Records from a data collection

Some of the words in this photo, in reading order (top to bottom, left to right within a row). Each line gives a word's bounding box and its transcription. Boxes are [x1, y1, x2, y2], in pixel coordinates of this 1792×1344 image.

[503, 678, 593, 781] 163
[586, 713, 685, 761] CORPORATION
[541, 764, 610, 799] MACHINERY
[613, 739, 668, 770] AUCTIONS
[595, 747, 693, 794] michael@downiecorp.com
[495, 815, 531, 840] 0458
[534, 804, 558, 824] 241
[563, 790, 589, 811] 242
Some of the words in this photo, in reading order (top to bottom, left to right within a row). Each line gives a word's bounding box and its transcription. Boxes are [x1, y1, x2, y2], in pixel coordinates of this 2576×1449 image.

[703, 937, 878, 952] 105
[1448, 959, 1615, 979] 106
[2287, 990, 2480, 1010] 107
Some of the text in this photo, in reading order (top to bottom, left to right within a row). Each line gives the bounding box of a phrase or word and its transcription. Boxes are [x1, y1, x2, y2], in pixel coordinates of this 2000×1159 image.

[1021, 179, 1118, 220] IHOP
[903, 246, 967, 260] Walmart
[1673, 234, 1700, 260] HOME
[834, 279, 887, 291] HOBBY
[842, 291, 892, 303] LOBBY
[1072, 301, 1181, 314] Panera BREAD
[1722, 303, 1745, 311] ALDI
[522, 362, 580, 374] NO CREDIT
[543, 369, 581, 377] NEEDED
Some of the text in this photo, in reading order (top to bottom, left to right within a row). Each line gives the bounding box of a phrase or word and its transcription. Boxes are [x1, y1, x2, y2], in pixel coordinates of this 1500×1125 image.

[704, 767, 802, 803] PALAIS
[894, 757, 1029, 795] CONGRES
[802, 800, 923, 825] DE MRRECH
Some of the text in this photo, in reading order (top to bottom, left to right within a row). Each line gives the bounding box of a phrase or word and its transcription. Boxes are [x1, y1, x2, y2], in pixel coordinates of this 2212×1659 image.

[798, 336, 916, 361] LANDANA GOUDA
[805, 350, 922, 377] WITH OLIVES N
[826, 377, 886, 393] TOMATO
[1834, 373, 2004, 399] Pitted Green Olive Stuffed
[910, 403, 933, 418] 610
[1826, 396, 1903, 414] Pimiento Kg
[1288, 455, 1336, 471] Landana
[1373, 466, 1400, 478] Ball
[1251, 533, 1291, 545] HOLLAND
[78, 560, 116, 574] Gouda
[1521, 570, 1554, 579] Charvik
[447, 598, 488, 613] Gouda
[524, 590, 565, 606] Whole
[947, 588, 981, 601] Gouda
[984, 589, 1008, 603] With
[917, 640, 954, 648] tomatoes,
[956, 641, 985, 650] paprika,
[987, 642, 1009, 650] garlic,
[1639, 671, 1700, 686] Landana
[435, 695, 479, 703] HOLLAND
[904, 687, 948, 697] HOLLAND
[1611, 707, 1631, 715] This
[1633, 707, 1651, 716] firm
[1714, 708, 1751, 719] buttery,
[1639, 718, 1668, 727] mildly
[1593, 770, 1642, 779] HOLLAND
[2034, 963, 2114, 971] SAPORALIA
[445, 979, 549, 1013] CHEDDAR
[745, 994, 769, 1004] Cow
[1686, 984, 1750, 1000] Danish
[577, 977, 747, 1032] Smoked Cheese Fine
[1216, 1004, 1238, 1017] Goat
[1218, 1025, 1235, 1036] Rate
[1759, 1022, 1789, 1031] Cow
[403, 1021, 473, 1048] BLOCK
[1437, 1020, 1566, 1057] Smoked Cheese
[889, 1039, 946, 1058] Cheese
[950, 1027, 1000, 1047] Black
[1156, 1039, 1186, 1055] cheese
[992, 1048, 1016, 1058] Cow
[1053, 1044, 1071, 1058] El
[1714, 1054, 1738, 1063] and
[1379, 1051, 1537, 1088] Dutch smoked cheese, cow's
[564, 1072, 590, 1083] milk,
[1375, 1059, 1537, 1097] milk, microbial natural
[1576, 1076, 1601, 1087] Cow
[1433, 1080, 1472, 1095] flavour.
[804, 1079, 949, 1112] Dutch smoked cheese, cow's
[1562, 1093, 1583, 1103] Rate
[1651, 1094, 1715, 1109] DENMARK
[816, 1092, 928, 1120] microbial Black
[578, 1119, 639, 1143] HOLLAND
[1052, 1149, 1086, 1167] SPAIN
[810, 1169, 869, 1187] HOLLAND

### WHAT YOU SHOULD DO:
All the records above need to be printed exactly.

### SOLUTION TO THE PROBLEM:
Some of the words in this photo, in reading order (top to bottom, left to right within a row). Each line gives a word's bounding box and its transcription. Boxes are [x1, y1, x2, y2], in pixel coordinates of this 1792×1344 image.

[503, 678, 593, 781] 163
[586, 713, 685, 761] CORPORATION
[541, 764, 610, 799] MACHINERY
[613, 739, 668, 770] AUCTIONS
[595, 747, 693, 794] michael@downiecorp.com
[495, 815, 531, 840] 0458
[534, 804, 558, 824] 241
[563, 790, 589, 811] 242
Some of the words in this photo, in reading order (top to bottom, left to right within a row). Each line gives a word's bounding box and its transcription. Boxes are [x1, y1, x2, y2], in pixel coordinates of this 2576×1449 image.

[703, 937, 878, 952] 105
[1448, 959, 1615, 979] 106
[2287, 990, 2480, 1010] 107
Some of the text in this photo, in reading order (top to bottom, left to right within a row). Each line gives the bounding box of a phrase or word and its transcription. Boxes are [x1, y1, x2, y2], in pixel coordinates of this 2000×1159 image.

[1021, 179, 1118, 220] IHOP
[903, 246, 967, 260] Walmart
[1673, 234, 1700, 260] HOME
[834, 279, 887, 291] HOBBY
[842, 291, 892, 303] LOBBY
[1072, 301, 1181, 314] Panera BREAD
[1722, 303, 1745, 311] ALDI
[522, 362, 580, 374] NO CREDIT
[543, 369, 581, 377] NEEDED
Some of the text in this photo, in reading order (top to bottom, left to right within a row). Each line gives the bounding box of a phrase or word and its transcription. Boxes are [x1, y1, x2, y2], in pixel coordinates of this 1500×1125 image.

[704, 767, 802, 803] PALAIS
[894, 757, 1029, 795] CONGRES
[802, 800, 923, 825] DE MRRECH
Some of the text in this photo, in reading order (top to bottom, left to right within a row). Each line gives the bounding box of a phrase or word and its transcription. Boxes are [x1, y1, x2, y2], in pixel coordinates of this 2212×1659 image.

[798, 336, 916, 361] LANDANA GOUDA
[805, 350, 922, 377] WITH OLIVES N
[826, 377, 886, 393] TOMATO
[1834, 373, 2004, 399] Pitted Green Olive Stuffed
[910, 403, 933, 418] 610
[1826, 396, 1903, 414] Pimiento Kg
[1288, 455, 1336, 471] Landana
[1373, 466, 1400, 478] Ball
[1251, 533, 1291, 545] HOLLAND
[78, 560, 116, 574] Gouda
[1521, 570, 1554, 579] Charvik
[447, 598, 488, 613] Gouda
[524, 590, 565, 606] Whole
[947, 588, 981, 601] Gouda
[984, 589, 1008, 603] With
[917, 640, 954, 648] tomatoes,
[956, 641, 985, 650] paprika,
[987, 642, 1009, 650] garlic,
[1639, 671, 1700, 686] Landana
[435, 695, 479, 703] HOLLAND
[904, 687, 948, 697] HOLLAND
[1611, 707, 1631, 715] This
[1633, 707, 1651, 716] firm
[1714, 708, 1751, 719] buttery,
[1639, 718, 1668, 727] mildly
[1593, 770, 1642, 779] HOLLAND
[2034, 963, 2114, 971] SAPORALIA
[445, 979, 549, 1013] CHEDDAR
[745, 994, 769, 1004] Cow
[1686, 984, 1750, 1000] Danish
[577, 977, 747, 1032] Smoked Cheese Fine
[1216, 1004, 1238, 1017] Goat
[1218, 1025, 1235, 1036] Rate
[1759, 1022, 1789, 1031] Cow
[403, 1021, 473, 1048] BLOCK
[1437, 1020, 1566, 1057] Smoked Cheese
[889, 1039, 946, 1058] Cheese
[950, 1027, 1000, 1047] Black
[1156, 1039, 1186, 1055] cheese
[992, 1048, 1016, 1058] Cow
[1053, 1044, 1071, 1058] El
[1714, 1054, 1738, 1063] and
[1379, 1051, 1537, 1088] Dutch smoked cheese, cow's
[564, 1072, 590, 1083] milk,
[1375, 1059, 1537, 1097] milk, microbial natural
[1576, 1076, 1601, 1087] Cow
[1433, 1080, 1472, 1095] flavour.
[804, 1079, 949, 1112] Dutch smoked cheese, cow's
[1562, 1093, 1583, 1103] Rate
[1651, 1094, 1715, 1109] DENMARK
[816, 1092, 928, 1120] microbial Black
[578, 1119, 639, 1143] HOLLAND
[1052, 1149, 1086, 1167] SPAIN
[810, 1169, 869, 1187] HOLLAND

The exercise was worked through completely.